Dataset records below:

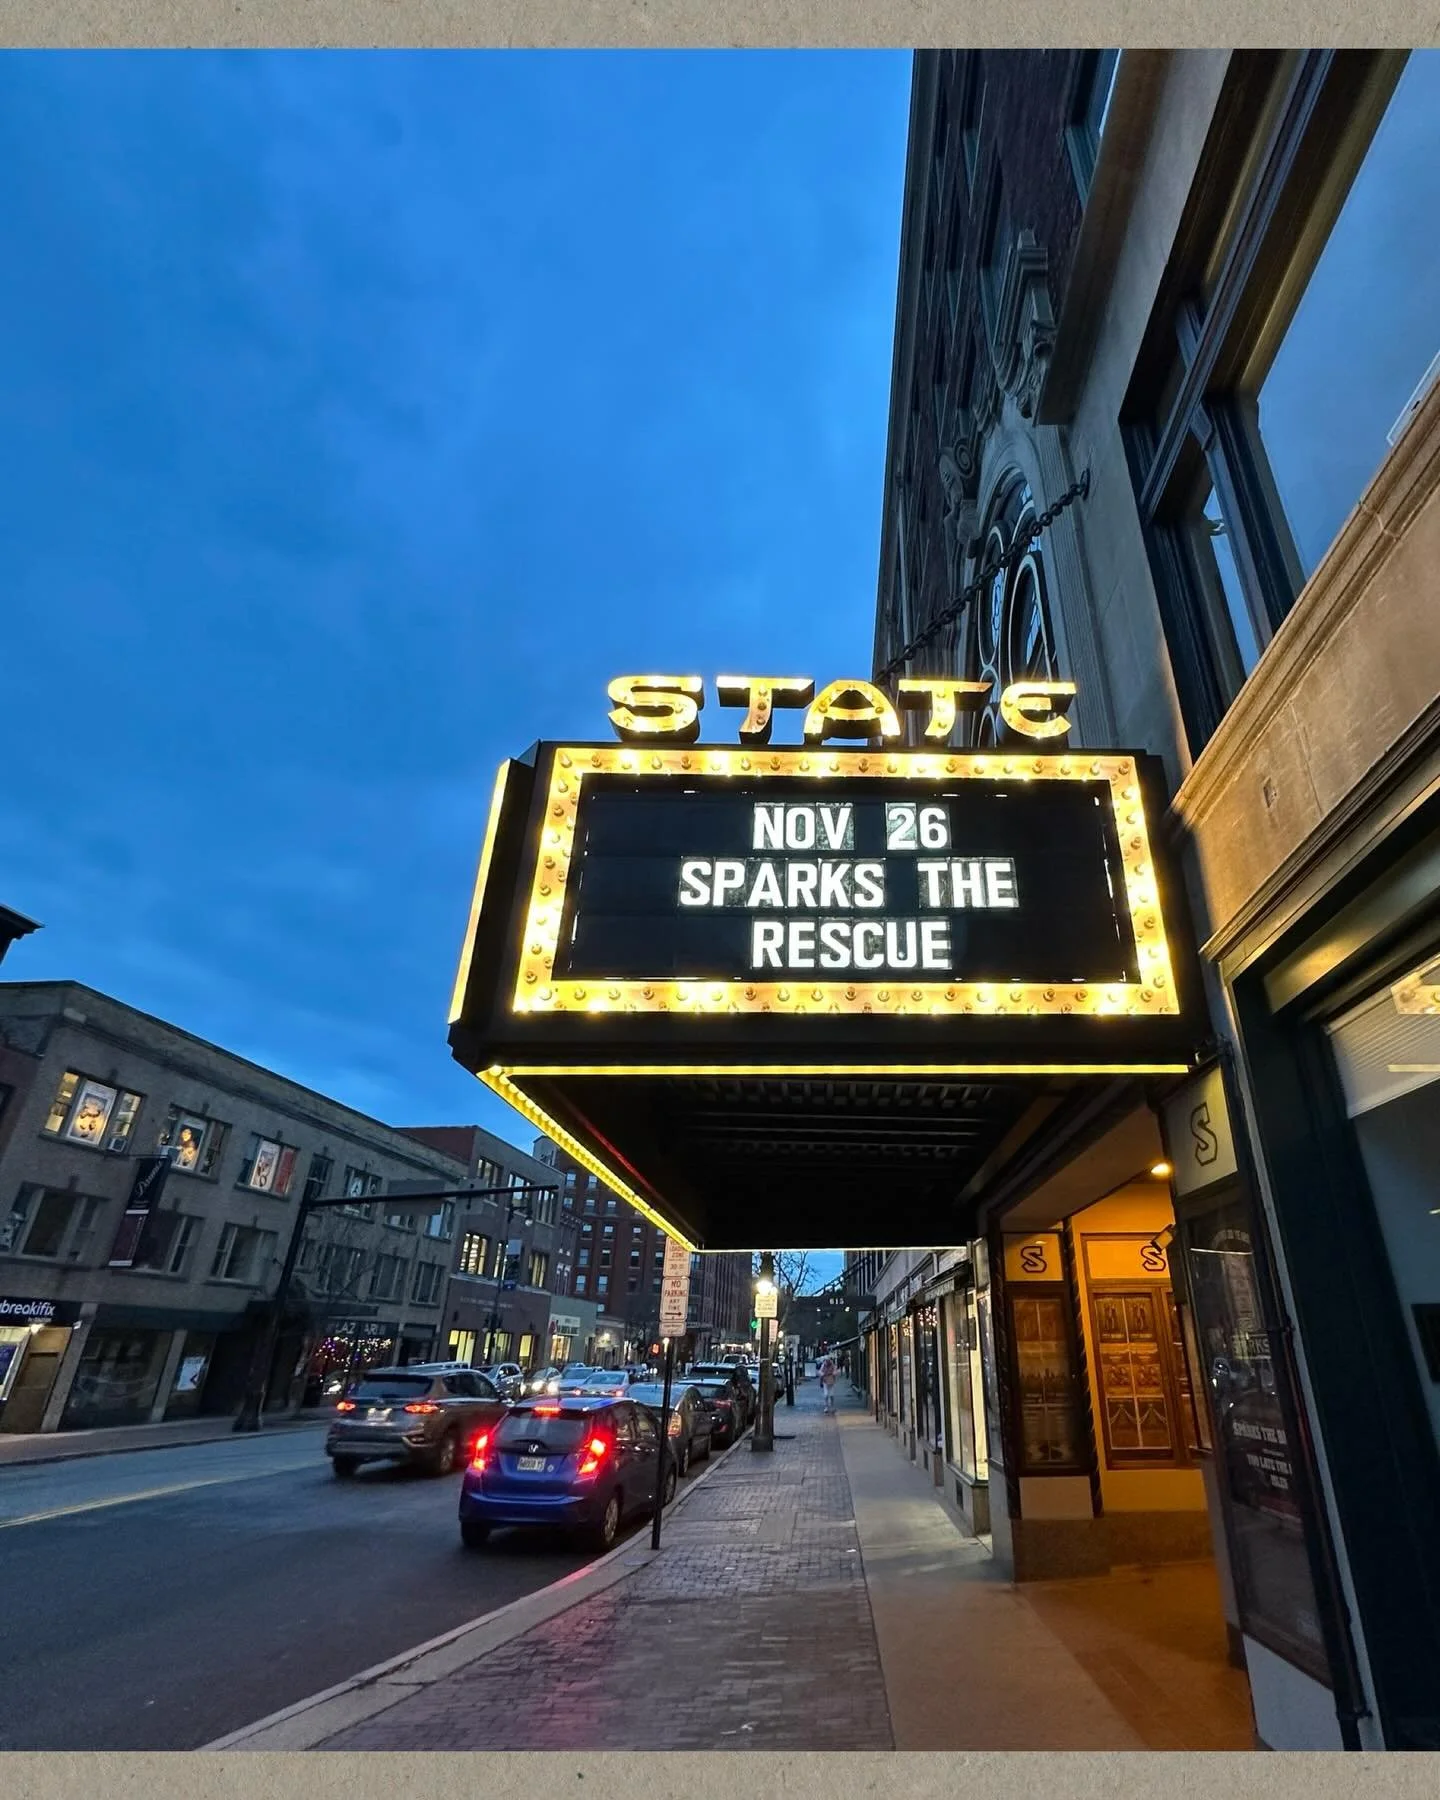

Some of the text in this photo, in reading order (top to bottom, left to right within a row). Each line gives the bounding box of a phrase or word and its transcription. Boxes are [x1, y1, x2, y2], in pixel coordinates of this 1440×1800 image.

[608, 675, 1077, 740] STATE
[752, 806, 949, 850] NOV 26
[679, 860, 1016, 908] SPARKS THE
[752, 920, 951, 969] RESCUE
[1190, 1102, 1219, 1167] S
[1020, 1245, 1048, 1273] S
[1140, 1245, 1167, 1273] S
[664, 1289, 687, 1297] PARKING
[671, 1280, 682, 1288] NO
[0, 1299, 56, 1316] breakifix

End of Dataset records.

Repeat each record verbatim, pictures excluded.

Some of the text in this photo, in reading order (top to bottom, left to right within a row). Each line gives the bounding box of a phrase or word and its transcription. Boxes are [x1, y1, x2, y2], in pixel coordinates of this 1440×1800 image.

[608, 675, 1077, 740] STATE
[752, 806, 949, 850] NOV 26
[679, 860, 1016, 908] SPARKS THE
[752, 920, 951, 969] RESCUE
[1190, 1102, 1219, 1167] S
[1020, 1245, 1048, 1273] S
[1140, 1245, 1167, 1273] S
[664, 1289, 687, 1297] PARKING
[671, 1280, 682, 1288] NO
[0, 1299, 56, 1316] breakifix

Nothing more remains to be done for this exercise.